═══ Data section

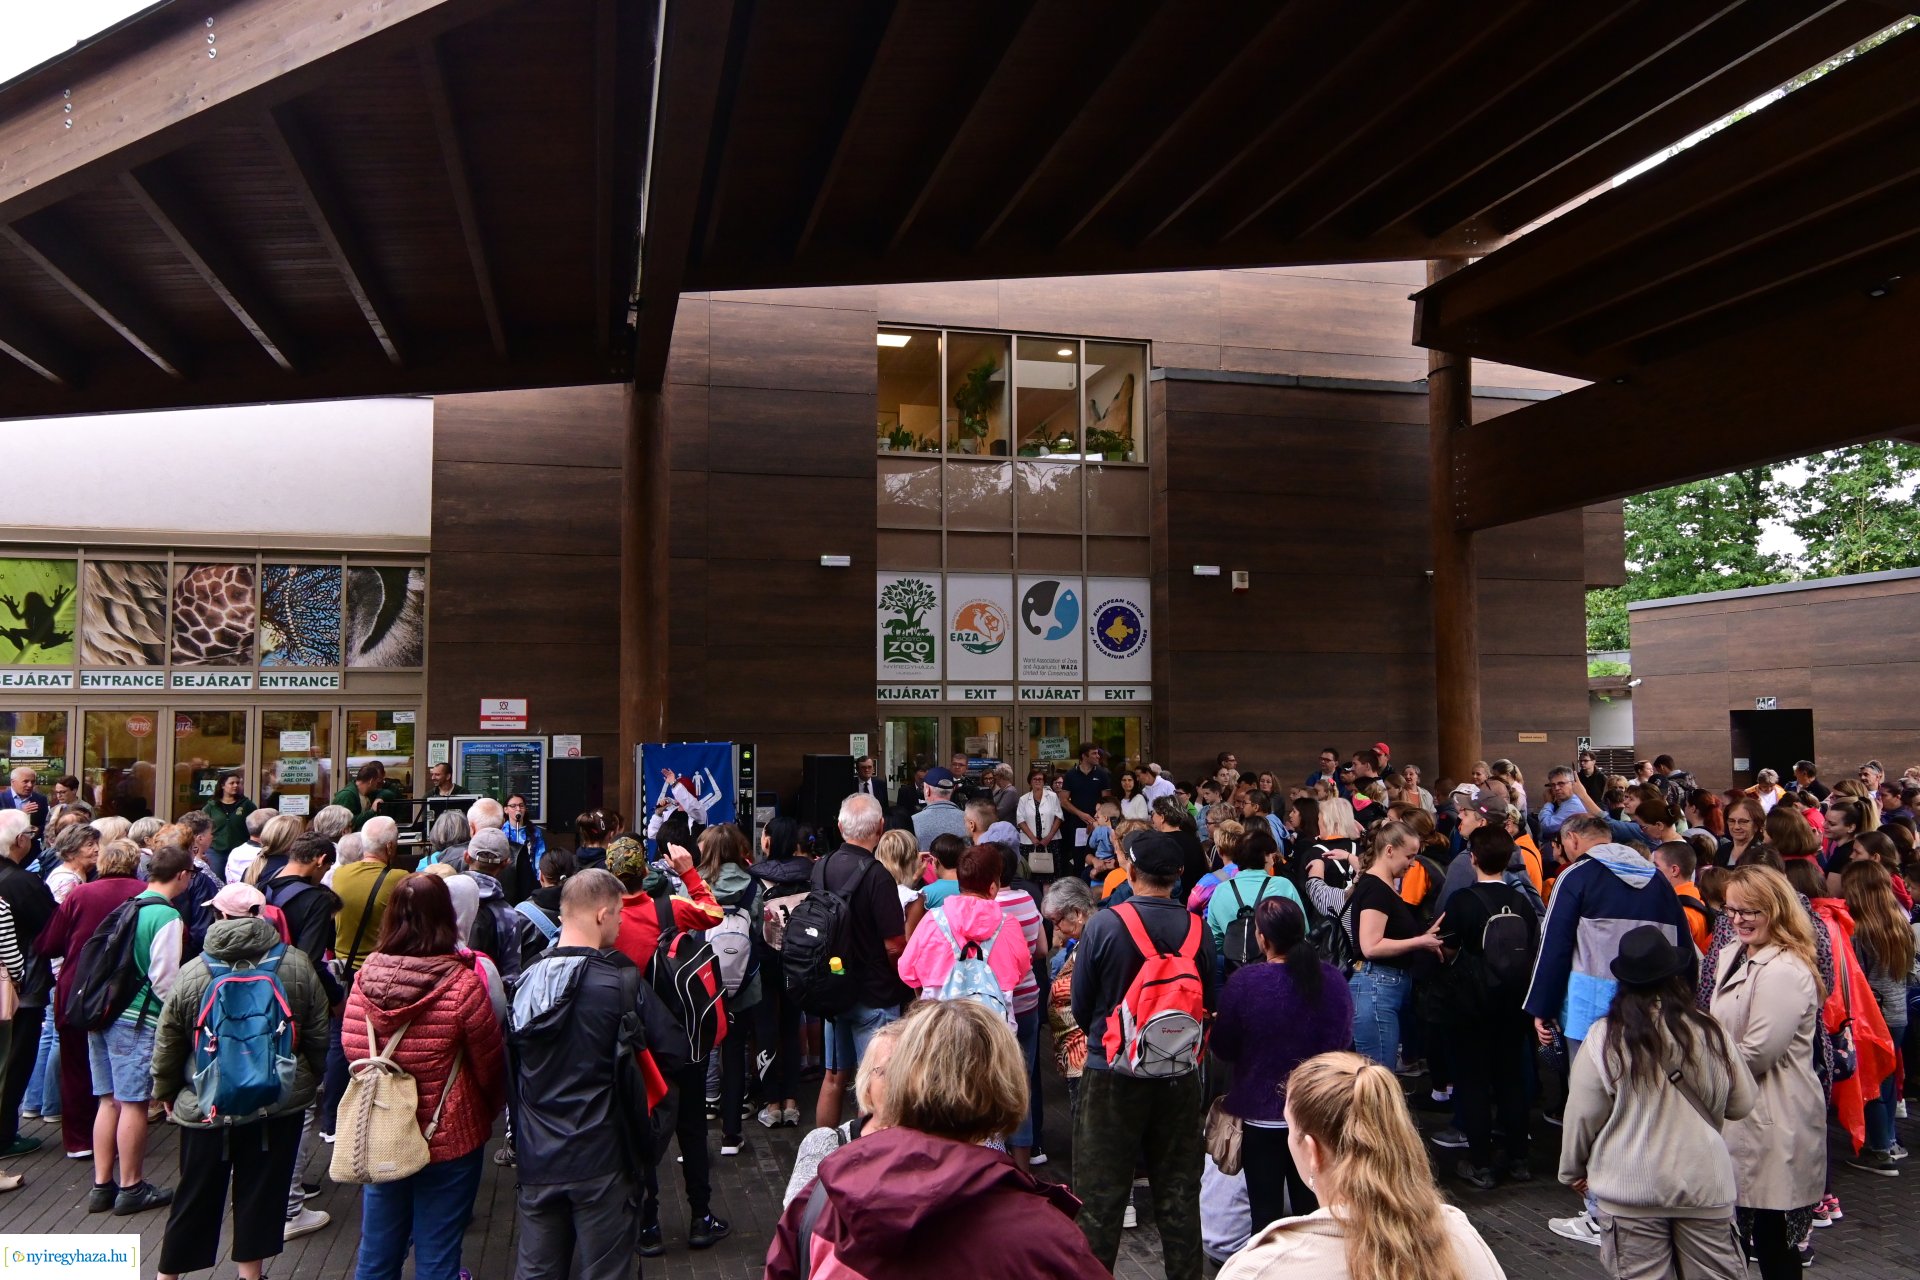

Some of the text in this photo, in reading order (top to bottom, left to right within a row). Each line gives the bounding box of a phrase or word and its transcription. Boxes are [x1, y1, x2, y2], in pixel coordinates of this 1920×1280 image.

[1093, 598, 1145, 618] EUROPEAN UNION
[950, 632, 979, 642] EAZA
[1089, 626, 1148, 660] OF AQUARIUM CURATORS
[888, 641, 930, 653] ZOO
[0, 672, 72, 686] EJÁRAT
[80, 675, 164, 687] ENTRANCE
[172, 673, 252, 687] BEJÁRAT
[259, 676, 339, 688] ENTRANCE
[877, 686, 940, 699] KIJÁRAT
[964, 689, 997, 699] EXIT
[1021, 687, 1081, 699] KIJÁRAT
[1104, 689, 1136, 699] EXIT

══════

**Exercise instructions**: With the pictures left aside, set down each entry above exactly as it stands.

**Exercise solution**:
Some of the text in this photo, in reading order (top to bottom, left to right within a row). Each line gives the bounding box of a phrase or word and its transcription. Boxes are [x1, y1, x2, y2], in pixel coordinates of this 1920×1280 image.

[1093, 598, 1145, 618] EUROPEAN UNION
[950, 632, 979, 642] EAZA
[1089, 626, 1148, 660] OF AQUARIUM CURATORS
[888, 641, 930, 653] ZOO
[0, 672, 72, 686] EJÁRAT
[80, 675, 164, 687] ENTRANCE
[172, 673, 252, 687] BEJÁRAT
[259, 676, 339, 688] ENTRANCE
[877, 686, 940, 699] KIJÁRAT
[964, 689, 997, 699] EXIT
[1021, 687, 1081, 699] KIJÁRAT
[1104, 689, 1136, 699] EXIT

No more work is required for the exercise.